= Comparison of United Kingdom and United States military ranks =

== UK and US officer ranks compared ==

Not listed are U.S. warrant officers. A warrant officer is an officer who can and does command, carry out military justice actions and sits on both selection and promotion boards. A US warrant officer is a single-track specialty officer, initially appointed by their respective service secretary; he/she receives a commission upon promotion to chief warrant officer two (CW2).

In the UK the separation between "other" ranks and "officer" ranks can, on occasion, become permeable.

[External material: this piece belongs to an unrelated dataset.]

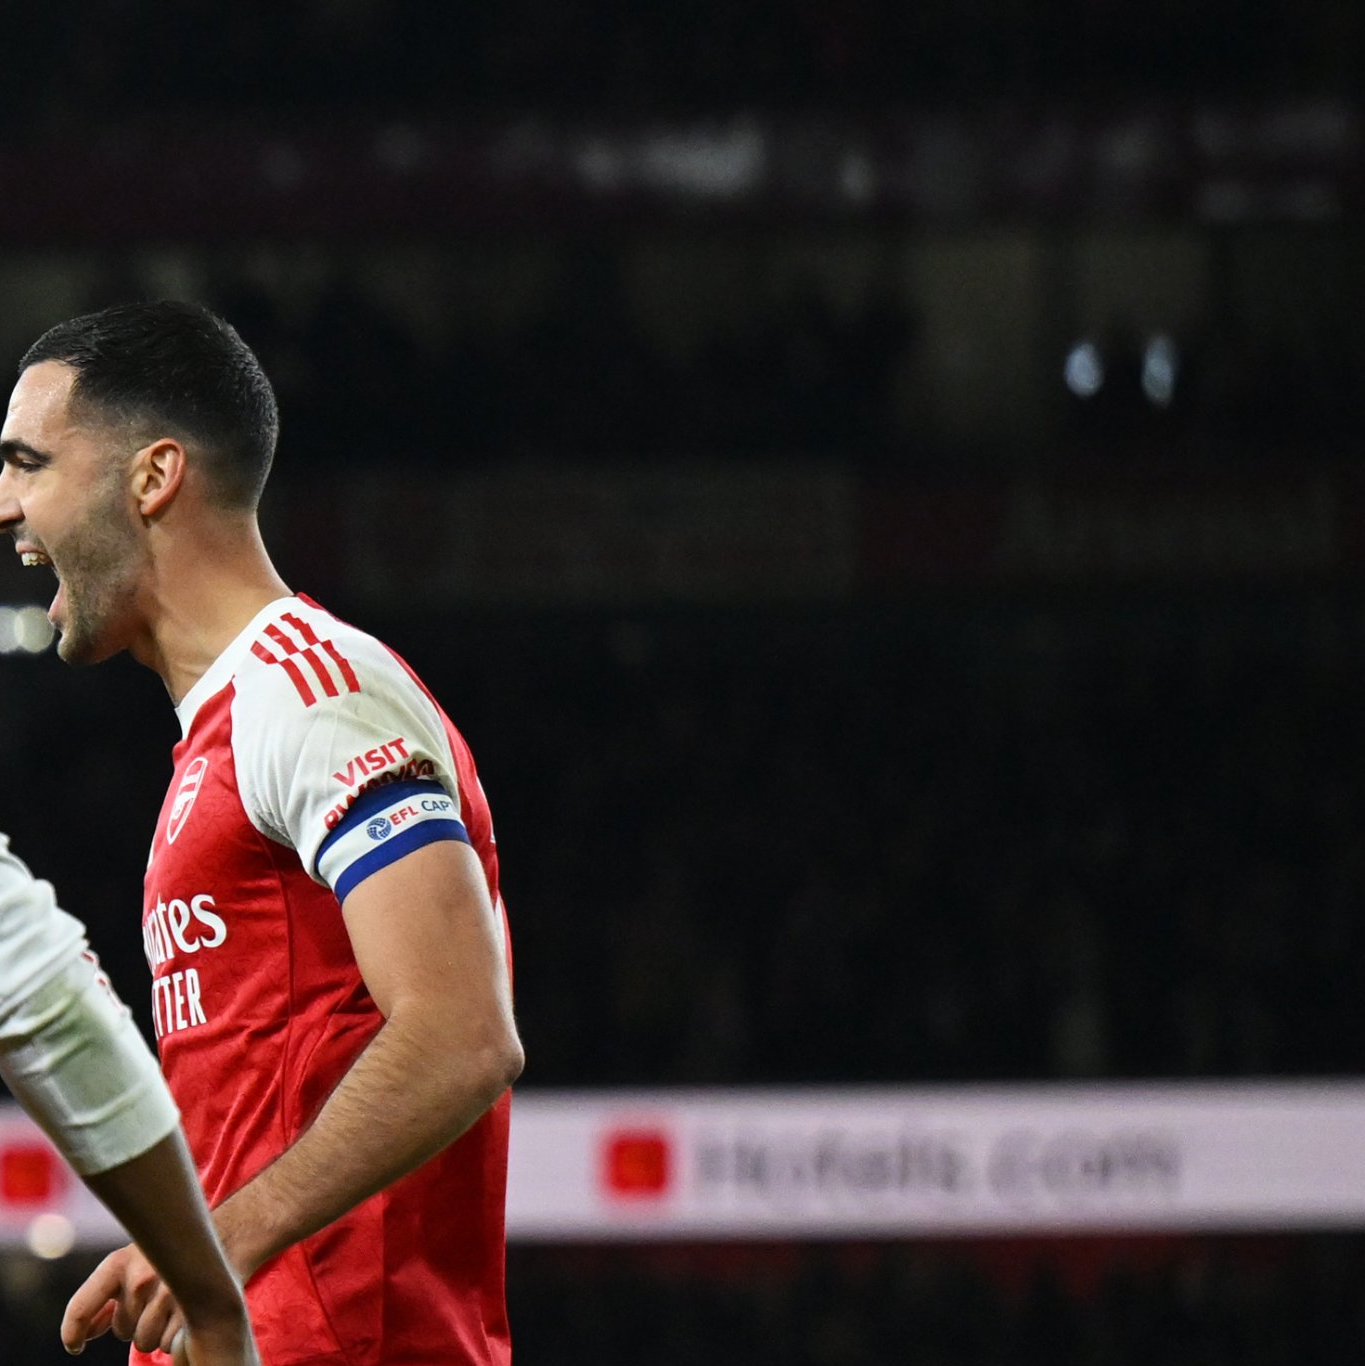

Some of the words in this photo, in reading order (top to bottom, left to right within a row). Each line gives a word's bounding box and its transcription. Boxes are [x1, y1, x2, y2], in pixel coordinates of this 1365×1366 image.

Within the British armed services, both Sir Fitzroy Maclean and Enoch Powell are examples of, rare, rapid career progression with the British army, both rising from the rank of private to brigadier during World War II. In the US military such advancement is not uncommon, all five services maintaining programs that select promising enlisted men and women for the commissioned ranks.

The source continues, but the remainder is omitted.